TASK PROMPT: Give back every entry exactly as it is written, but not the pictures.

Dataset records
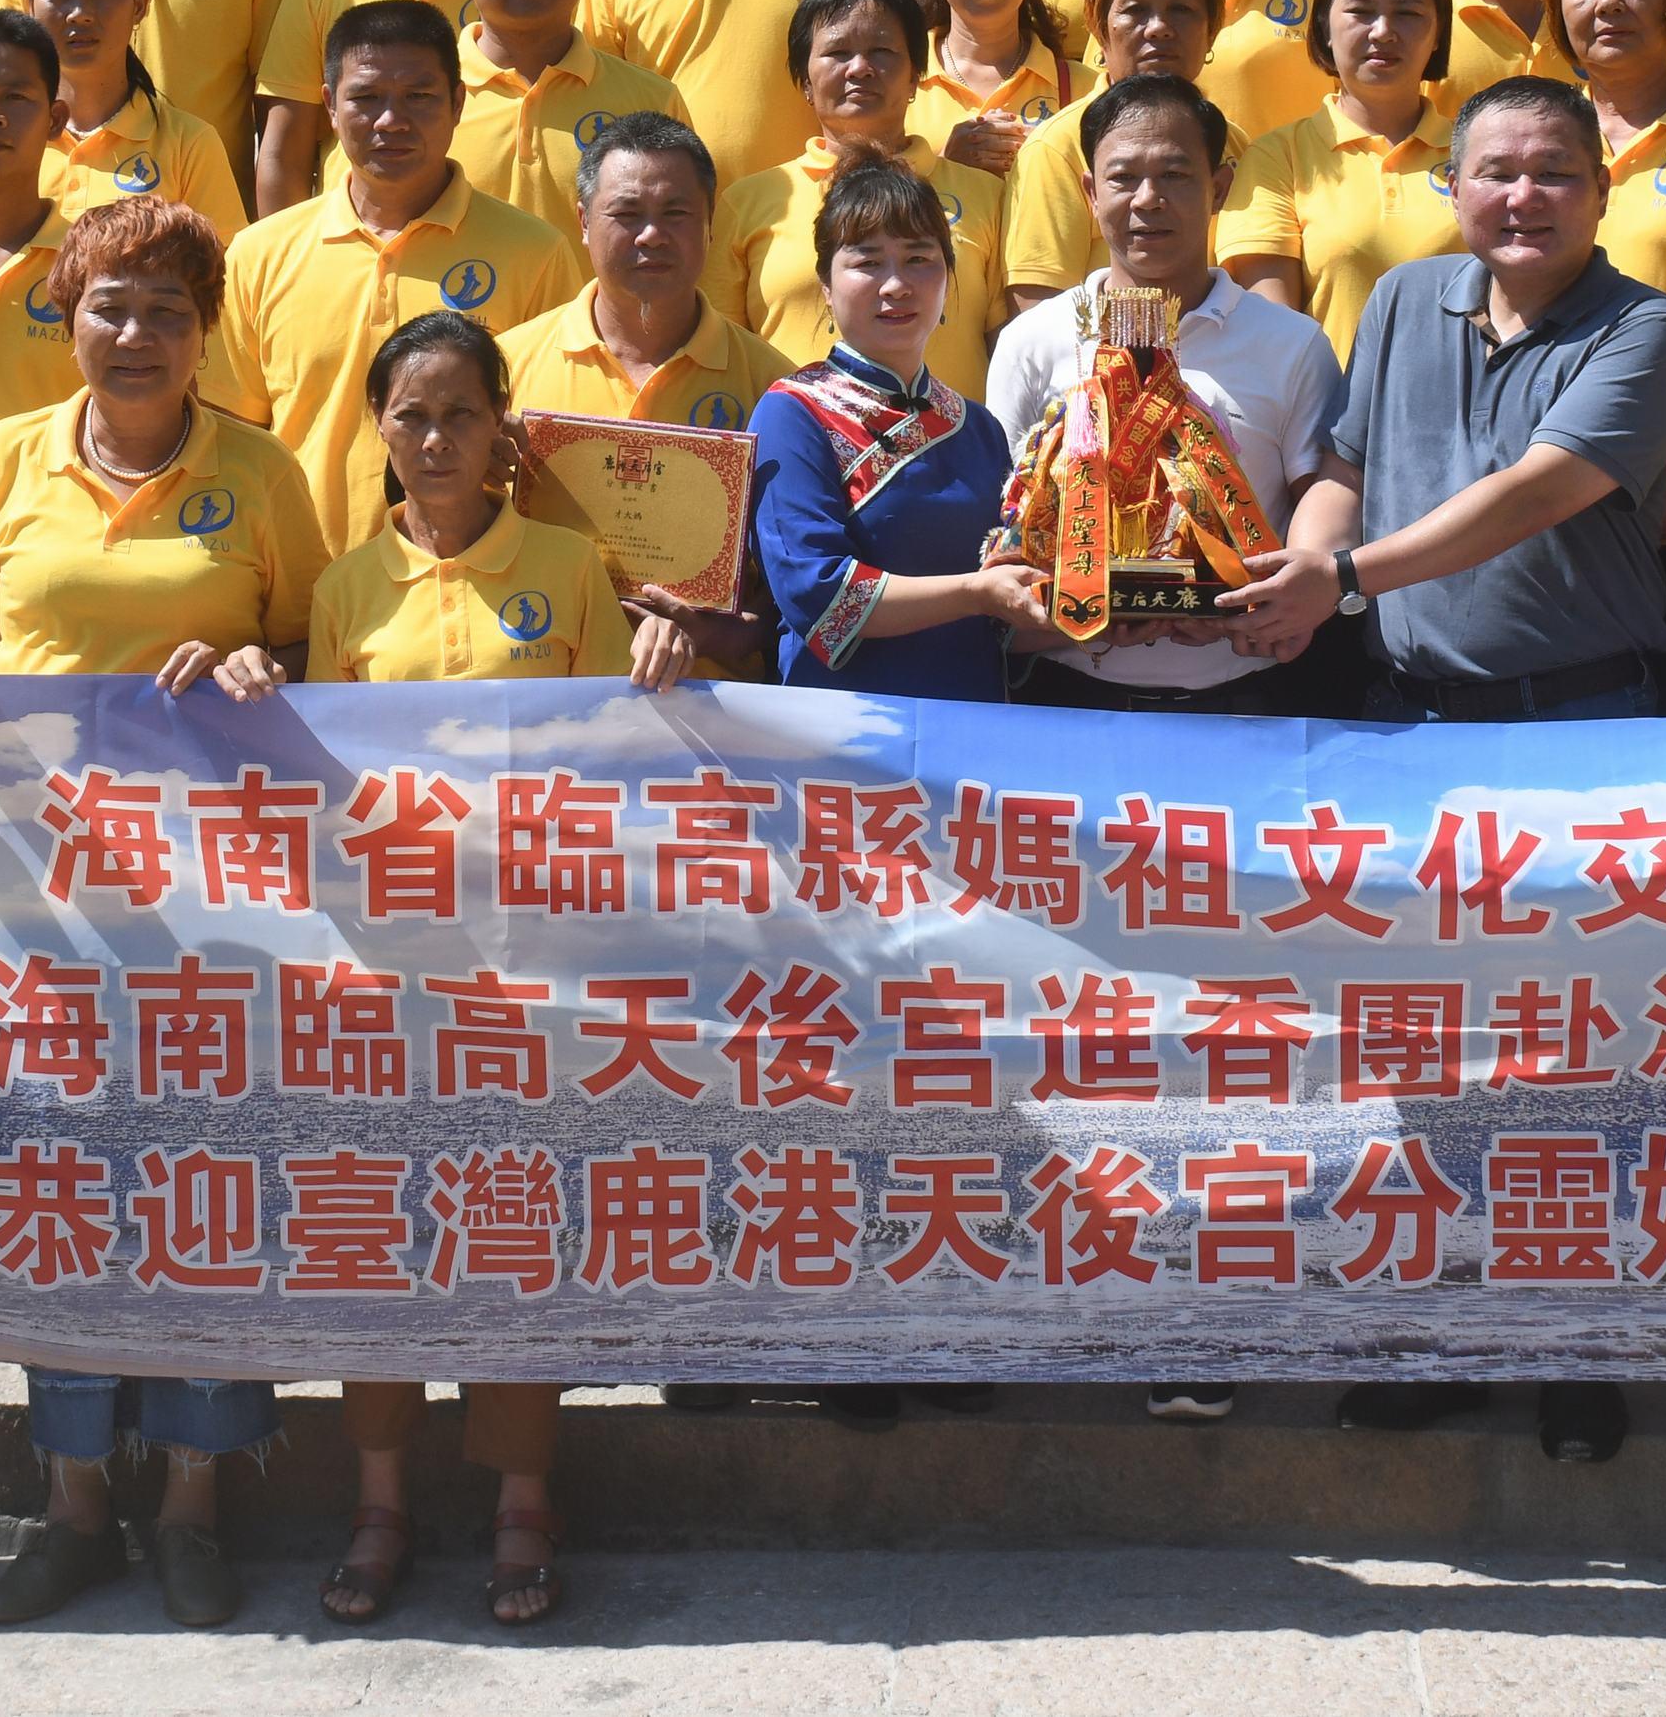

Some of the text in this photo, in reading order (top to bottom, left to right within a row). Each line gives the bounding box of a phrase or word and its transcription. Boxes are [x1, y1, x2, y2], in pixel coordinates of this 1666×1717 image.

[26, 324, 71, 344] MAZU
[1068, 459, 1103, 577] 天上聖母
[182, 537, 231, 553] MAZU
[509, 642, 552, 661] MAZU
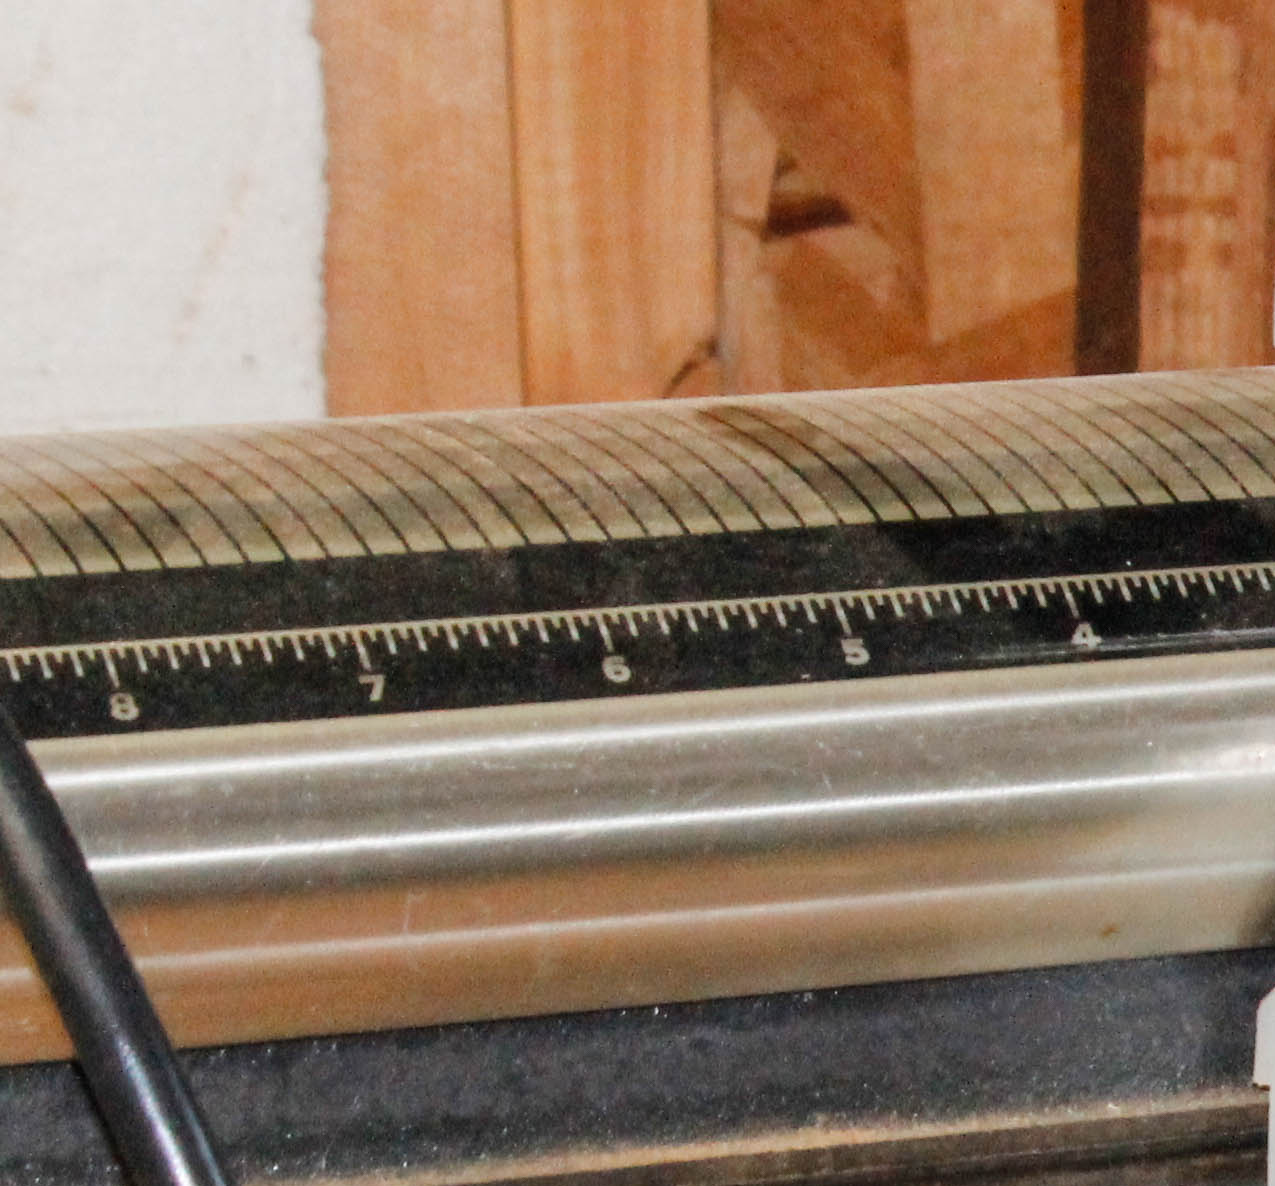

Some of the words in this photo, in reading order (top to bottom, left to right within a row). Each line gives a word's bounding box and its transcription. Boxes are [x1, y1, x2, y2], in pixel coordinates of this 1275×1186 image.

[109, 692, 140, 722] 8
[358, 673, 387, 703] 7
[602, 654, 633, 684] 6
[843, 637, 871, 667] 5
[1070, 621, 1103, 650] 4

TASK OUTPUT:
Some of the text in this photo, in reading order (top to bottom, left to right within a row). Each line gives the bounding box of a phrase or word and its transcription. Boxes are [x1, y1, x2, y2], in pixel coordinates of this 1666×1717 image.

[26, 324, 71, 344] MAZU
[1068, 459, 1103, 577] 天上聖母
[182, 537, 231, 553] MAZU
[509, 642, 552, 661] MAZU

Some of the words in this photo, in reading order (top to bottom, left to right within a row). Each line gives a word's bounding box and its transcription. Boxes are [x1, y1, x2, y2], in pixel coordinates of this 1275×1186 image.

[109, 692, 140, 722] 8
[358, 673, 387, 703] 7
[602, 654, 633, 684] 6
[843, 637, 871, 667] 5
[1070, 621, 1103, 650] 4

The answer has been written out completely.